The last time I talked to John Madden was at the Marriott in downtown Indianapolis during the 2015 NFL Combine.
It was early in the morning and Madden was headed to an NFL competition committee, which he was still an advisor for.
I asked Madden his thoughts on the Raiders’ recent hiring of Jack Del Rio and he excitedly explained why he thought it was a good pairing. He said the Raiders needed “an adult in the room.” Madden was completely invested in the Raiders until his death on Tuesday at age of 85. He was a sounding board for Raiders owner Mark Davis and I wouldn’t be shocked if they recently talked about Davis’ pending decision in hiring a permanent head coach.

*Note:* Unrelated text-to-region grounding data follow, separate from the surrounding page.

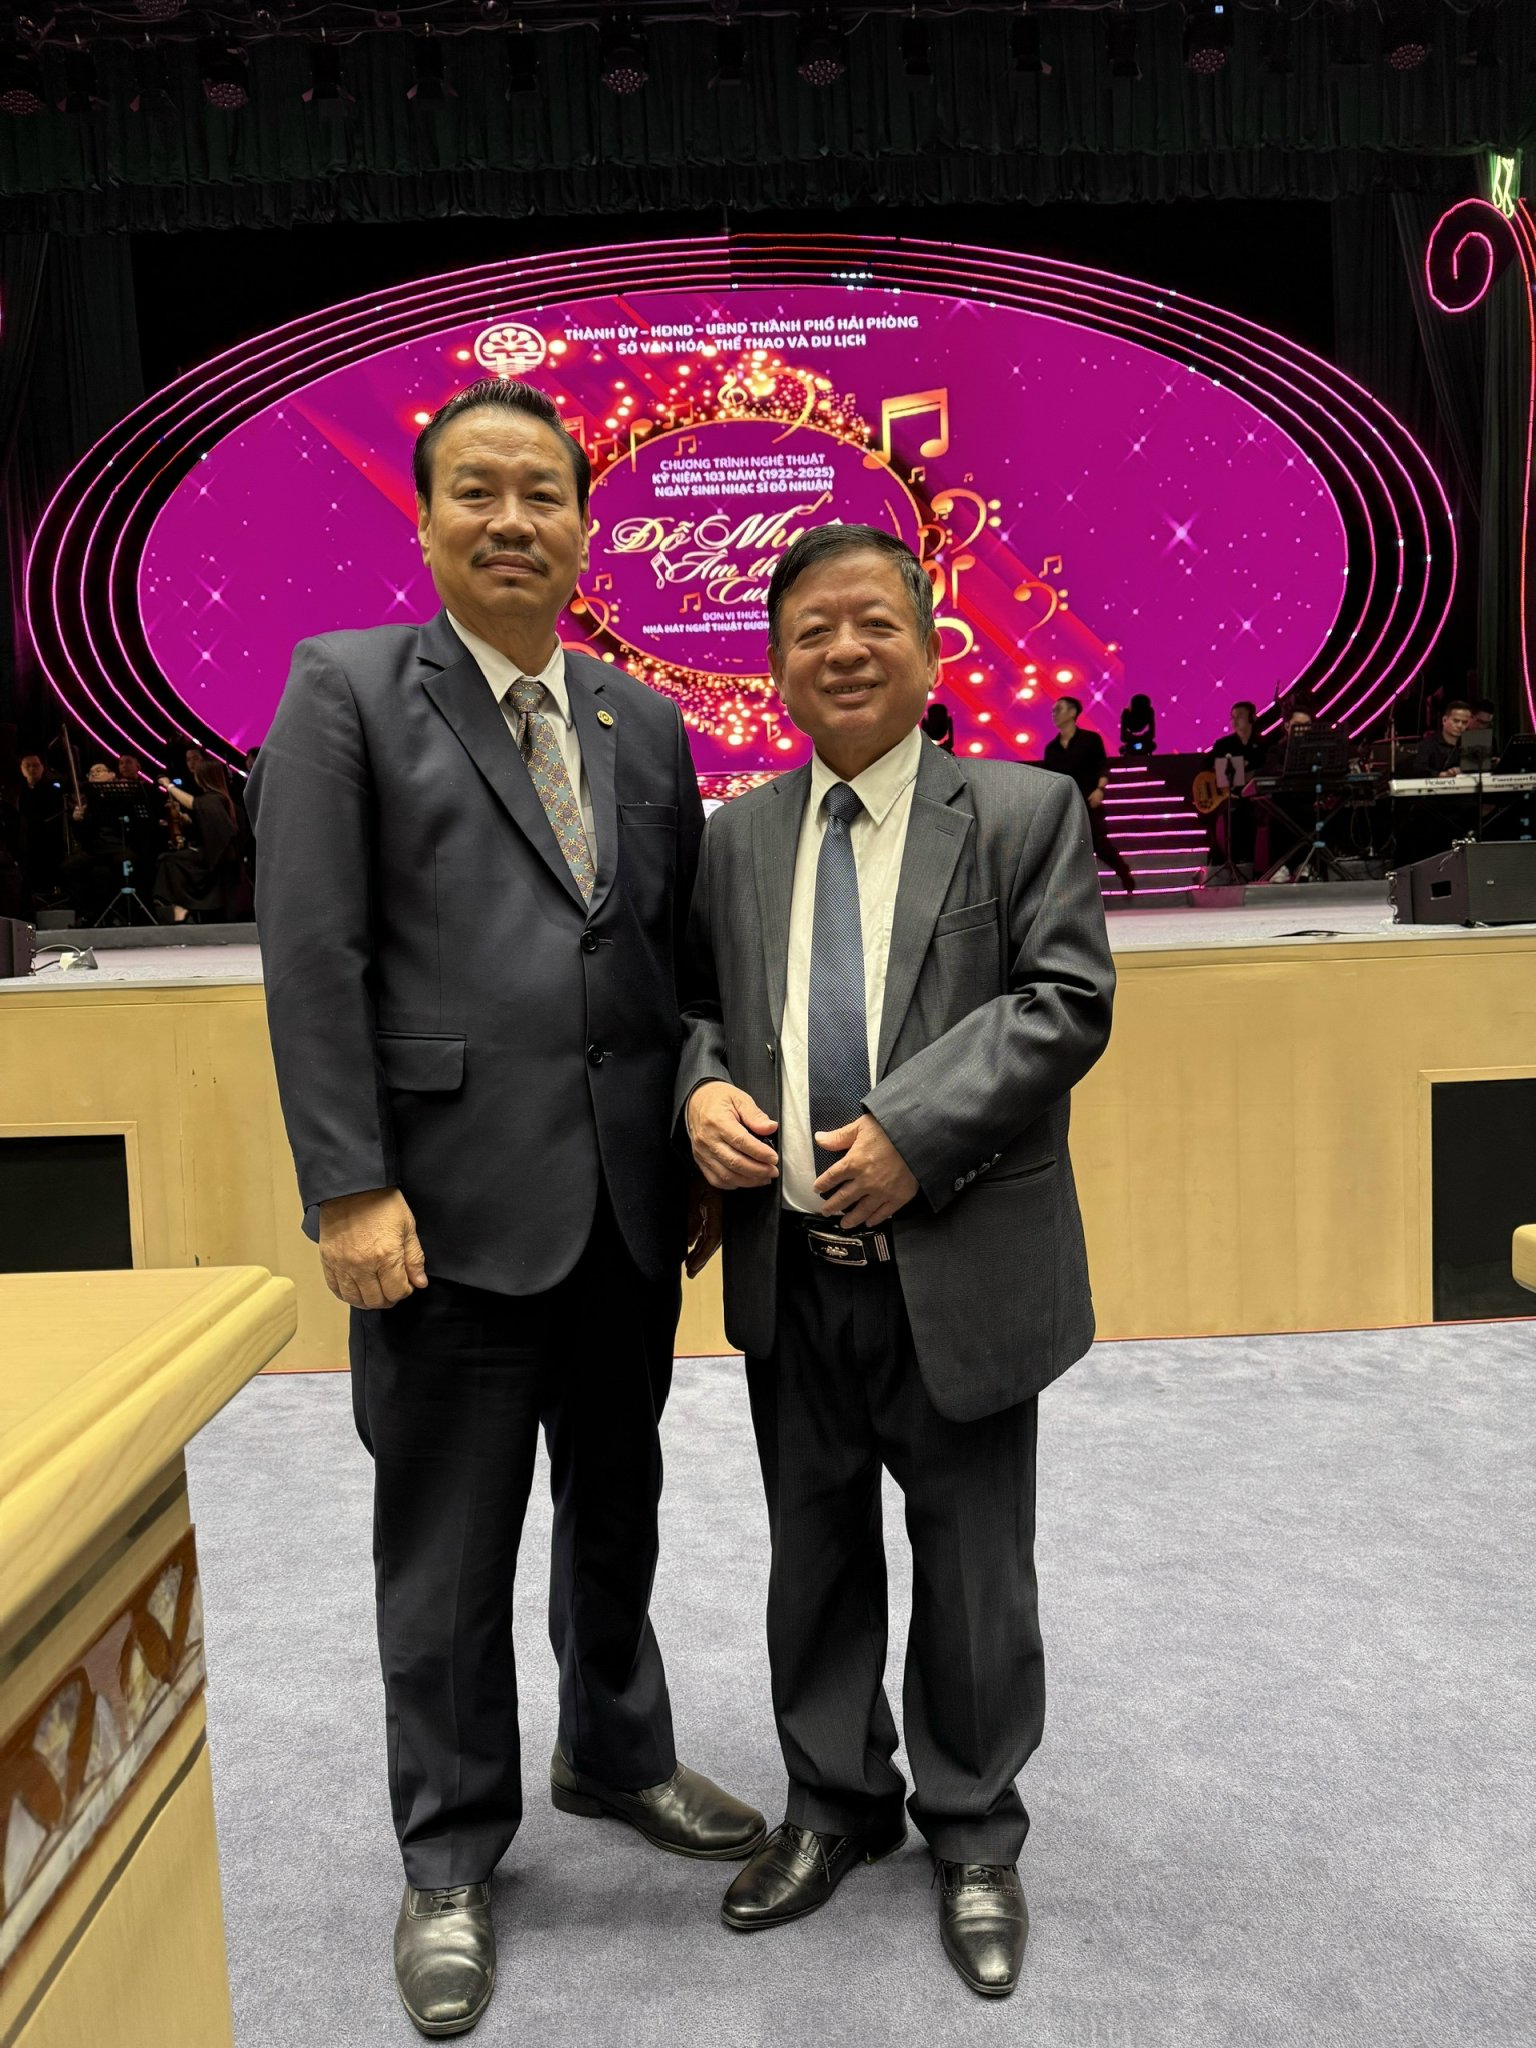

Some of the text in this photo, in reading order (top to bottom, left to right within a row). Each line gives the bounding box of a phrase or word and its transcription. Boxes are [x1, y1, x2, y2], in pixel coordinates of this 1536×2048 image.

[564, 327, 615, 340] THÀNH
[618, 324, 639, 338] ỦY
[651, 325, 694, 338] HĐND
[705, 322, 748, 335] UBND
[750, 318, 801, 333] THÀNH
[803, 315, 835, 331] PHỐ
[837, 315, 864, 330] HẢI
[866, 314, 919, 329] PHÒNG
[618, 340, 639, 355] SỞ
[714, 335, 743, 351] THỂ
[744, 336, 785, 350] THAO
[786, 334, 809, 348] VÀ
[811, 335, 832, 347] DU
[834, 333, 867, 348] LỊCH
[713, 456, 749, 468] TRÌNH
[750, 453, 785, 467] NGHỆ
[785, 452, 826, 466] THUẬT
[671, 470, 702, 485] NIỆM
[704, 469, 726, 482] 103
[727, 468, 757, 481] NĂM
[758, 465, 835, 481] (1922-2025)
[654, 485, 690, 497] NGÀY
[692, 484, 719, 496] SINH
[721, 482, 755, 496] NHẠC
[788, 478, 833, 493] NHUẬN
[604, 516, 695, 554] Đỗ
[665, 548, 781, 584] Âm th

The lights are off on @AllegiantStadm in Las Vegas with a message displayed on the media mesh screen in memory of John Madden. #vegas #raidernation #ripjohnmadden pic.twitter.com/VwkNaxC7yJ— Mick Akers (@mickakers) December 29, 2021
He always had time to talk about the Raiders ... well, to talk about anything football-related, really. This was John Madden, arguably the most well-known name in football history. Pro Football Hall of Fame coach. Legendary broadcaster. Video game hero. He impacted so many different generations for different reasons.
I remember early this century, when I was covering the Minnesota Vikings, I wanted to spend a few precious minutes interviewing Madden, who was visiting practice prior to a broadcast he was hosting. I had to wait for the late, great Vikings’ trainer Fred Zamberletti (who worked for the team for its first 51 seasons) to get done chatting with Madden. These two went back to the Super Bowl XI in which Madden delivered the Raiders their first Super Bowl win on Jan. 9, 1977 over Zamberletti’s Purple People Eaters.

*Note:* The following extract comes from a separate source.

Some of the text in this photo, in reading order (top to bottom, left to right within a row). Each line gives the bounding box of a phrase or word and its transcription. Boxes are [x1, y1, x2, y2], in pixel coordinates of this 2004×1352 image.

Freddie actually apologized to me for monopolizing Madden’s time. I didn’t mind at all. I was witnessing an NFL history lesson.
I can remember in 1999 when my wife, a lifelong Raiders fan born in Oakland, was beside herself mad when she realized that Madden didn’t have a bust in the Pro Football Hall of Fame when we visited Canton, Ohio, that summer. She was so fired up she had me write a letter to the Hall on her beloved coach’s behalf. I don’t know what I wrote, but I did it.
My plea didn’t work.
Amazingly, Madden didn’t get inducted until 2006.

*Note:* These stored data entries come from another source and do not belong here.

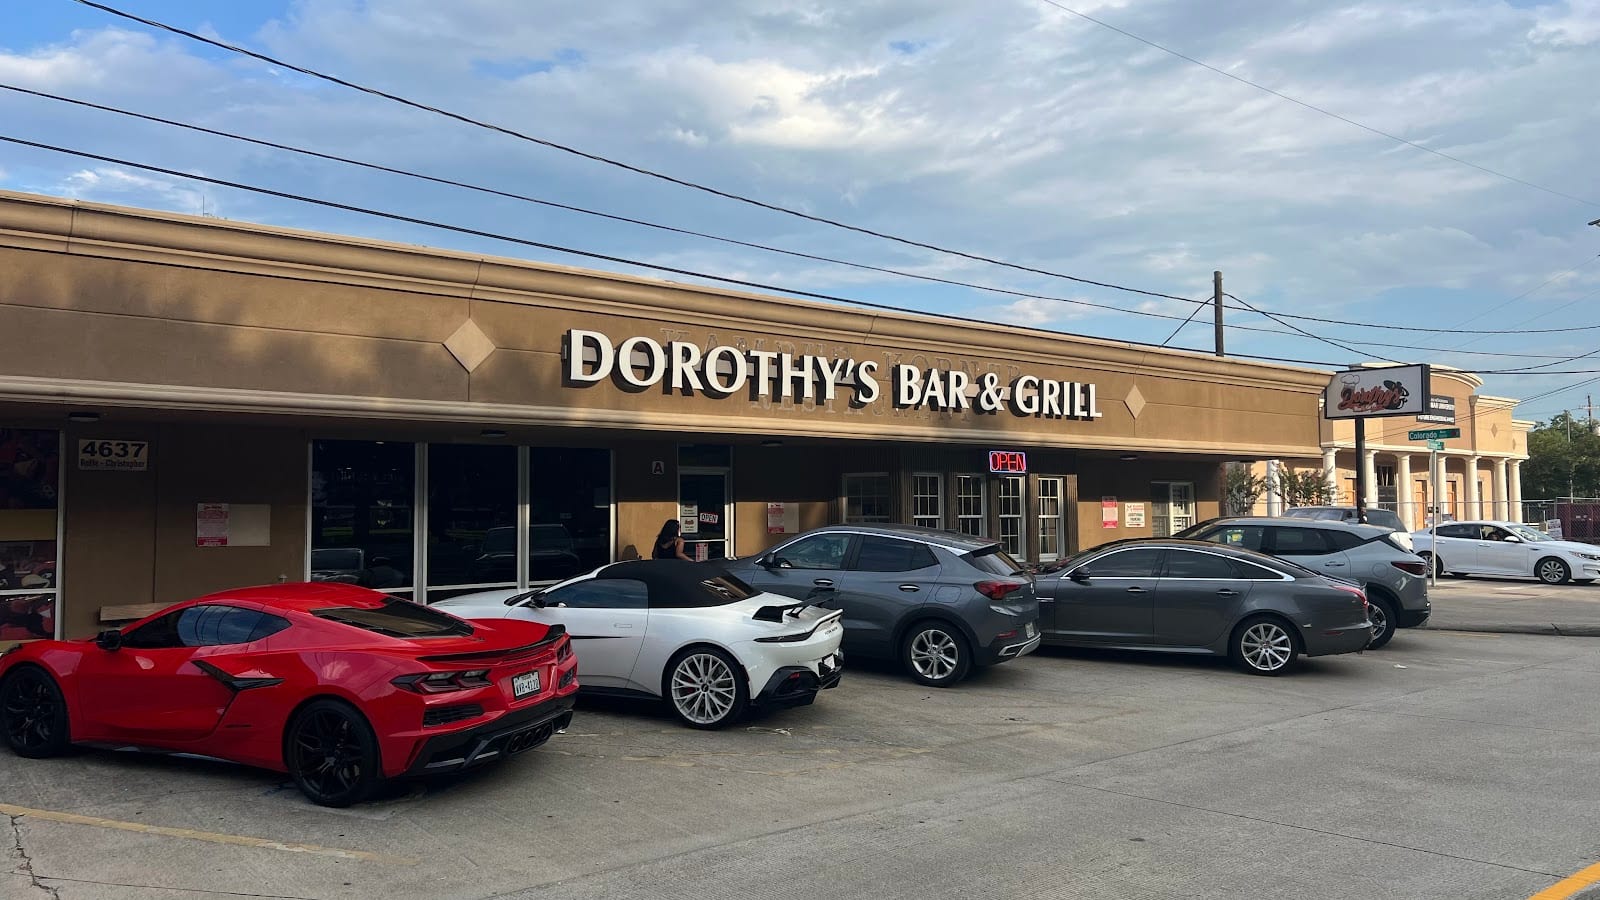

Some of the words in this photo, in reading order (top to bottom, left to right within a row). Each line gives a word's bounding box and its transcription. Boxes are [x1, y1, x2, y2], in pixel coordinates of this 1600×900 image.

[570, 329, 880, 403] DOROTHY'S
[898, 364, 970, 409] BAR
[979, 372, 1005, 411] &
[1014, 374, 1103, 419] GRILL
[1409, 432, 1437, 440] Colorado
[82, 441, 146, 457] 4637
[653, 462, 663, 474] A
[990, 452, 1026, 471] OPEN
[701, 513, 717, 523] OPEN

My favorite Hall of Fame thought was John Madden saying he envisioned the busts talking to each other each night in Canton. Just a priceless treasure he was.— Bill Williamson (@BWilliamsonNFL) December 29, 2021
If you’re into football, you loved Madden. That’s been evident in the hours since news of his death broke as heartfelt tributes have been pouring in from everywhere.
Loved this man. Loved him as a coach and as a broadcaster. We all did. Love to his family and thanks for all coach. pic.twitter.com/uDAMRvprNT— Adam Sandler (@AdamSandler) December 29, 2021
Transformational. Generational.— Louis Riddick (@LRiddickESPN) December 29, 2021
These words are too often used inappropriately when talking sports personalities in general. It IS appropriate to use when talking about John Madden, and there is no need to explain why. It just is what it is. He changed the game. #RIP legend.
While I was frantically writing the news story about Madden’s death, my oldest nephew (part of the video game Madden mob) texted, expressing his grief for the loss.
This one is different. This one, it seems, affects everyone, just like Madden himself did.